In 2020, the appellants filed a statement of claim against Wag and Train and against the individual respondent, who was the corporation’s sole director, officer, and shareholder. They claimed that the respondents abandoned the premises about a year before the end of the term on Mar. 31, 2021, failed to leave the place in the condition required by the lease, and failed to pay further rent.

The appellants alleged that the individual respondent:

  • controlled Wag and Train and made the decisions amounting to the corporation’s breach of the lease

  • engaged in conduct that justified piercing the corporate veil and imposing the corporation’s liabilities on her

  • acted in a way that entitled the appellants to relief under the oppression remedy in s. 248 of Ontario’s Business Corporations Act, 1990

Last May, Justice James Ramsay of the Ontario Superior Court of Justice struck out the action against the individual respondent under r. 21.01(1)(b) of the Rules of Civil Procedure, R.R.O. 1990, Reg. 194. The judge refused leave to amend and found it plain and obvious that the action could not succeed against the individual respondent personally.

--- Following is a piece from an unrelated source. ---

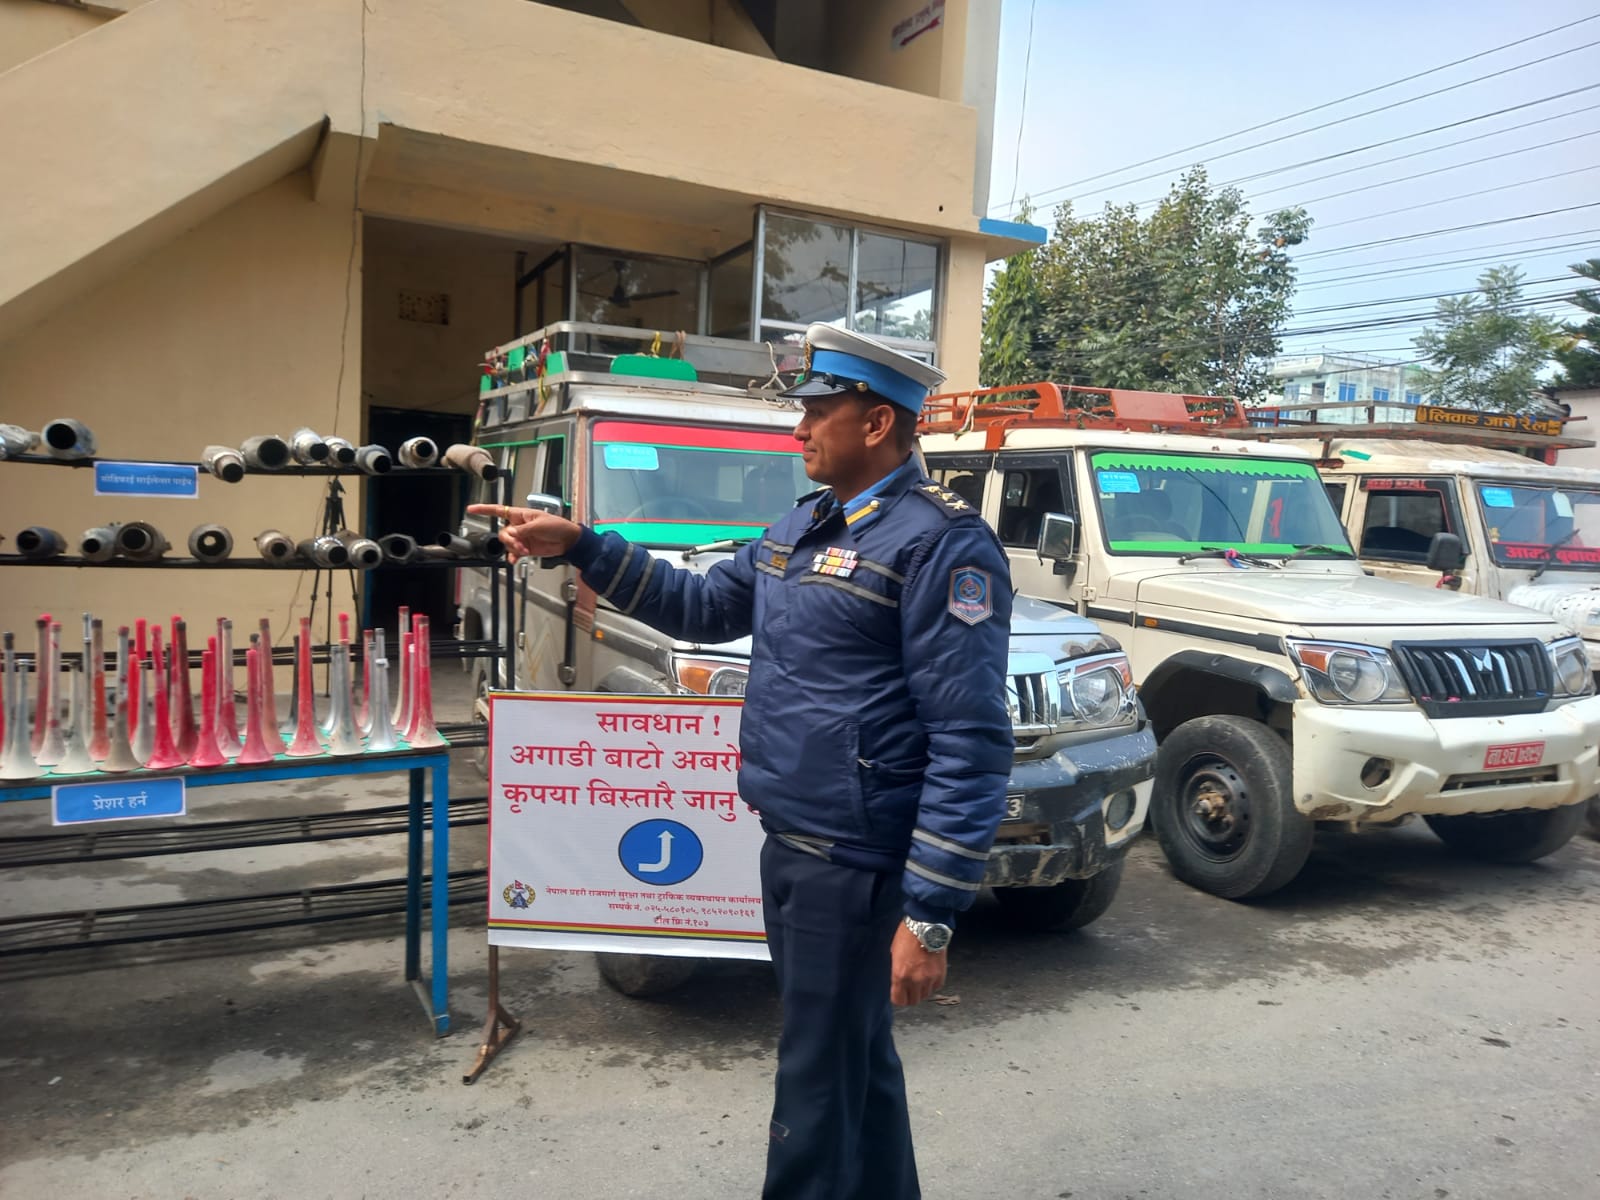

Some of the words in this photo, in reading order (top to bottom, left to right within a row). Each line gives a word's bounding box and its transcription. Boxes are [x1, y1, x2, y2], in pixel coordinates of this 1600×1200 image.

In FNF Enterprises Inc. v. Wag and Train Inc., 2023 ONCA 92, the Ontario Court of Appeal allowed the appeal to the extent of permitting the appellants to amend their action to assert their claim for a personal remedy against Ross under the oppression provision.

Corporate veil claim fails

The facts alleged in the statement of claim did not arguably support a claim for piercing the corporate veil, even if read generously, the appellate court said.

According to Said v. Butt, [1920] 3 K.B. 497, a director’s or officer’s decision that a corporation should breach a contract did not amount to improper conduct that justified piercing the corporate veil, at least where the director or officer could not be sued for the tort of inducing contractual breach.

Oppression remedy claim is arguable

The appellants’ allegation – that the individual respondent misused corporate powers for her own benefit by stripping value from Wag and Train to avoid payment of amounts that she knew were owed to the appellants as unpaid creditors – arguably supported the oppression remedy claim, the appellate court said.

J.S.M. Corporation (Ontario) Ltd. v. The Brick Furniture Warehouse Ltd., 2008 ONCA 183 distinguished between a situation where the creditor could but did not protect itself from a risk that it assumed when it entered into an agreement with a corporation and a situation where unlawful and internal corporate manoeuvres against the creditor’s interest prevented the creditor from effectively protecting itself. In the second situation, there was more room for relief under the oppression remedy.

The appellants’ claim fell under the second situation, the appellate court said. The individual respondent, as sole shareholder, could not use the corporation’s money as her own and could not appropriate its business when she knew about the unpaid amounts allegedly owed to creditors, the appellate court added.